Food doesn't always work the ways table manners do, which is why running across foods you kind of have to play with, get your hands into, or use special tools to eat doesn't happen very often—but when it does, can an extra layer of joy to a meal.
If you happen to be able to squeeze yourself into a spot at the bar at Paper Dosa (551 W Cordova Road, 930-5521), you might want to get friendly with the people on each side of you as there is a strong possibility you may be "sharing" your meals. It's a slightly uncomfortable and mostly hilarious situation to find yourself in: knocking elbows with the person next to you as you try to wrangle your way through the eating of an item which extends far past the edges of your plate.

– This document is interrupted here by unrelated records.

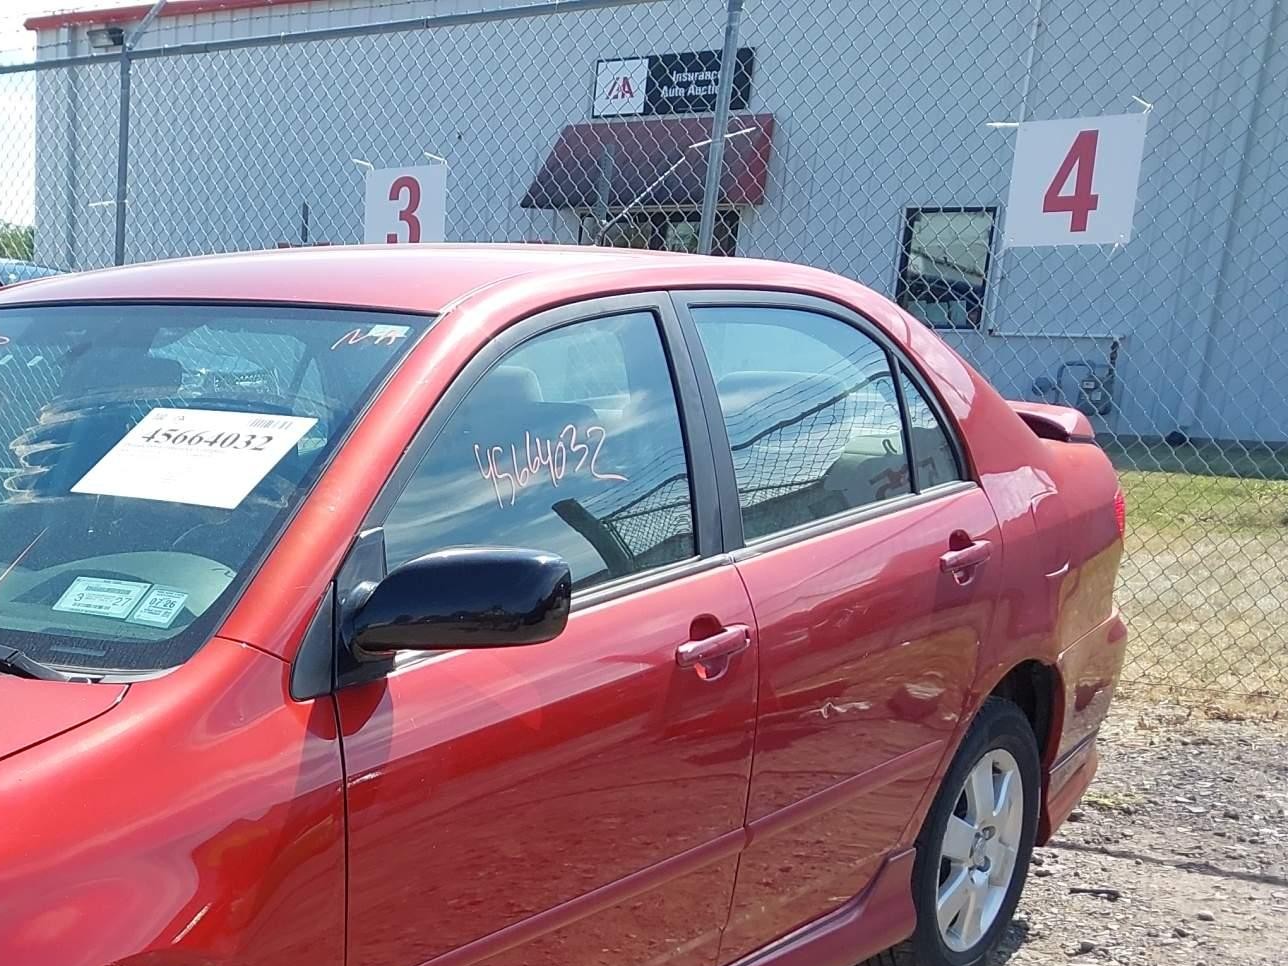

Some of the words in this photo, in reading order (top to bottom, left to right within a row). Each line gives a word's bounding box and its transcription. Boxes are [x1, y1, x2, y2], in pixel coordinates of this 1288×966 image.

[661, 85, 685, 98] Auto
[386, 175, 421, 244] 3
[1042, 129, 1100, 233] 4
[142, 427, 274, 452] 45664032
[473, 423, 630, 510] 45664032

A dosa is a South Indian crepe made of fermented rice and lentils. The classic masala ($10) dosa comes rolled in a tube of sorts and is filled with warm, fragrant potatoes blended with turmeric, caramelized onions, whole red chiles, mustard seeds and cashews. This dosa is about two feet in length, with the filling rolled into the middle, leaving "wings" of crepe on the ends. My favorite method of eating this is to cut the dosa in half then use torn pieces off the ends to grab at the filling, dip in one of the accompanying sauces, then escort each delicious bit from fingers to mouth.
Another "hands-on" ethnic favorite is the hot pot. The hot pot is to Japan what fondue is to Switzerland, and any opportunity to cook, dip and smother your own food is one to be taken advantage of. Enter the shabu-shabu ($29) hot pot at Izanami (21 Ten Thousand Waves Way, 982-9304). Available at lunch only (make a reservation, as you need a specific table to accommodate all of the various cogs in this machine) this cook-it-yourself adventure begins with a pot of hot soy dashi and/or kombu broth (both, please!).
As the broths come to a boil, you're presented with the building blocks of this soup: a generous basket packed full with carrots, portobello mushrooms, fresh tofu, greens, bok choy and straw mushrooms. Meat-eaters can add chicken meatballs (tsukune) for $6 or thin-sliced Angus beef for $12. You then dump all the goods into the pot, stirring them around in the fragrant broth until cooked. A strainer spoon and ladle come in handy for transferring the goods to your plate, where they can be dipped in side sauces of ponzu or creamy sesame sauce. Once you've exhausted these, another basket arrives filled with both rice and wheat noodles. Again, they get dumped into the broth, now made even richer. End your shabu-shabu with a tasty bowl of ramen. It's messy. It's fun. It's delicious.
From dipping your own to building your own, la mozzarella ($14) at El Nido (1577 Bishops Lodge Road, 954-1272) can be so much fun to dig into, you may find yourself laughing more than eating. A long tray, similar to something you'd find at a booze tasting, arrives with glasses, each holding an ingredient for building your own crostini: spears of grilled bread, a rustic pomodoro, an elegant, peppery Arugula pesto, crispy garlic chips, what appears to be a glass of warm milk, and a pair of itsy-bitsy golden scissors.
As you work your way down the line, slathering the tender crostini with bright layers, a spoon immersed in the warm milk emerges holding a globe of fresh housemade mozzarella. Somewhat solid, somewhat melted, it's impossible to figure out how to get a piece off for inclusion on your stack without standing up from your seat and creating a ruler-sized stretch of cheese. This is where the fun really begins. While one person stretches the mozzarella, the other uses those tiny scissors to … cut the cheese. "Would you be so kind as to cut my cheese?" I asked my dining partner, repeatedly, with as straight a face as I could muster.
We all need more opportunities to act, laugh and eat like children. Take advantage of every one you find. Please, play with your food—and never ever be afraid to cut the cheese.